You may take issues with my above statement arts lover, as it is your right to your opinion as I have a right to mine. As for me having a hidden agenda, I have none. My point is that I have done business with RIB before Mr. Ivey had passed, and had much better success, than I have since his passing. I do find it funny that you wished for the CBT to try to merge the company with one of the other ballet companies in Charleston. And you also state "I know that some of you may not believe me but Charleston's best Ballet performances did not come from CBT this year." Who has the hidden agenda here? If you know the Artistic Director, as well as the Assistant Director as you claim, then you know first hand that both of these institutions are in financial dispair. I know a few of these dancers personally, who all have claimed that their contracts have been broken, just as CBT had done.
So, in closing, it would be hard for me to have a hidden agenda here, as I cannot dance, instruct, or do any of the things that these preformers do. My only agenda here is to give credit to the DANCERS, and let their story be told.

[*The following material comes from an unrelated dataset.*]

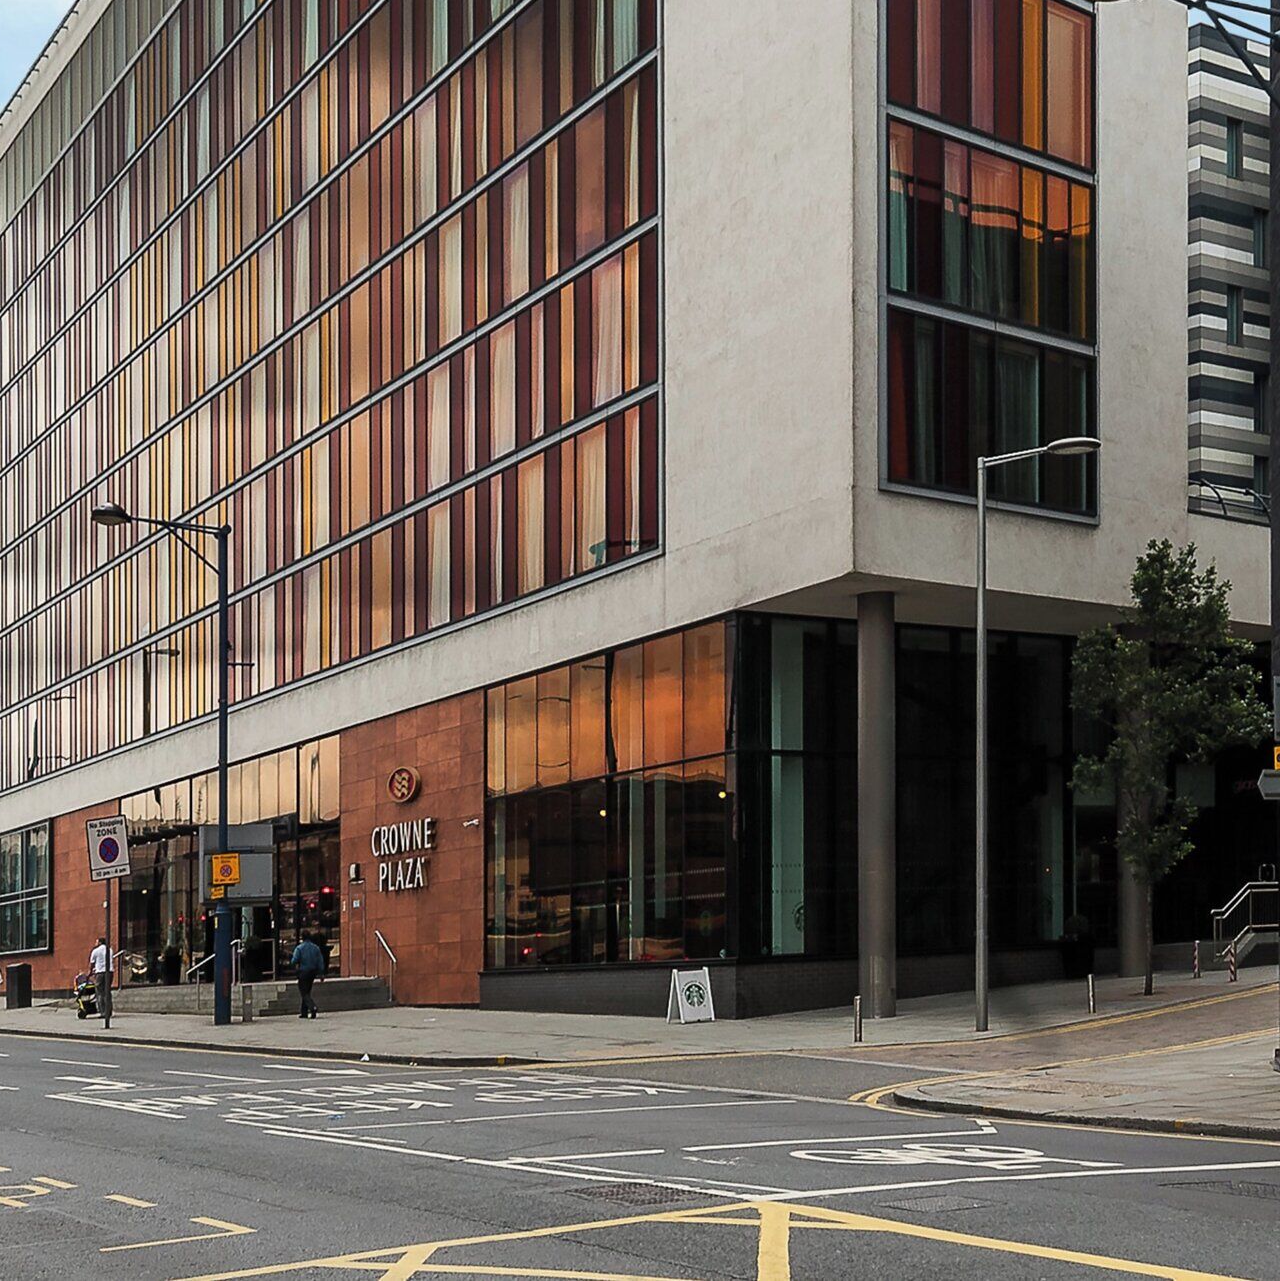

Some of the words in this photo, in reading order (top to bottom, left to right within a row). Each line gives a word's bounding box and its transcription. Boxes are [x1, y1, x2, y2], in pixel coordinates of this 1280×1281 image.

[96, 826, 118, 837] ZONE
[371, 817, 432, 857] CROWNE
[379, 856, 424, 892] PLAZA

This seems to be the norm with the ballet companies here in Charleston. While I havent had any dealings with the CBT, I have had dealings with the RIB. As a business, I thought that buying an add for a season preformance would help out the ballet, as well as helping me out with advertising. I was wrong. They printed my add wrong, and I have not recieved an apology or anything to make things right. I also know that they are in the same boat as CBT in not paying the dancers, and upholding the contracts. As a supporter of the arts, and our young aspiring preformers, I would hate to see these fine outstanding talents go to waste. Its time that the preformers from the Charleston Ballet Theatre, and the Robert Ivy Ballet cut ties with the greedy figureheads that control them, and start a new Ballet. One that is for the love of the art, and NOT a get rich scheme based on the backs of unsuspecting young talent who are left in the cold when the companies refuse to pay for their hard work and sacrifice. These boards need to remember, they could do nothing without the talent taking the stage. They owe them more than any contract could determine.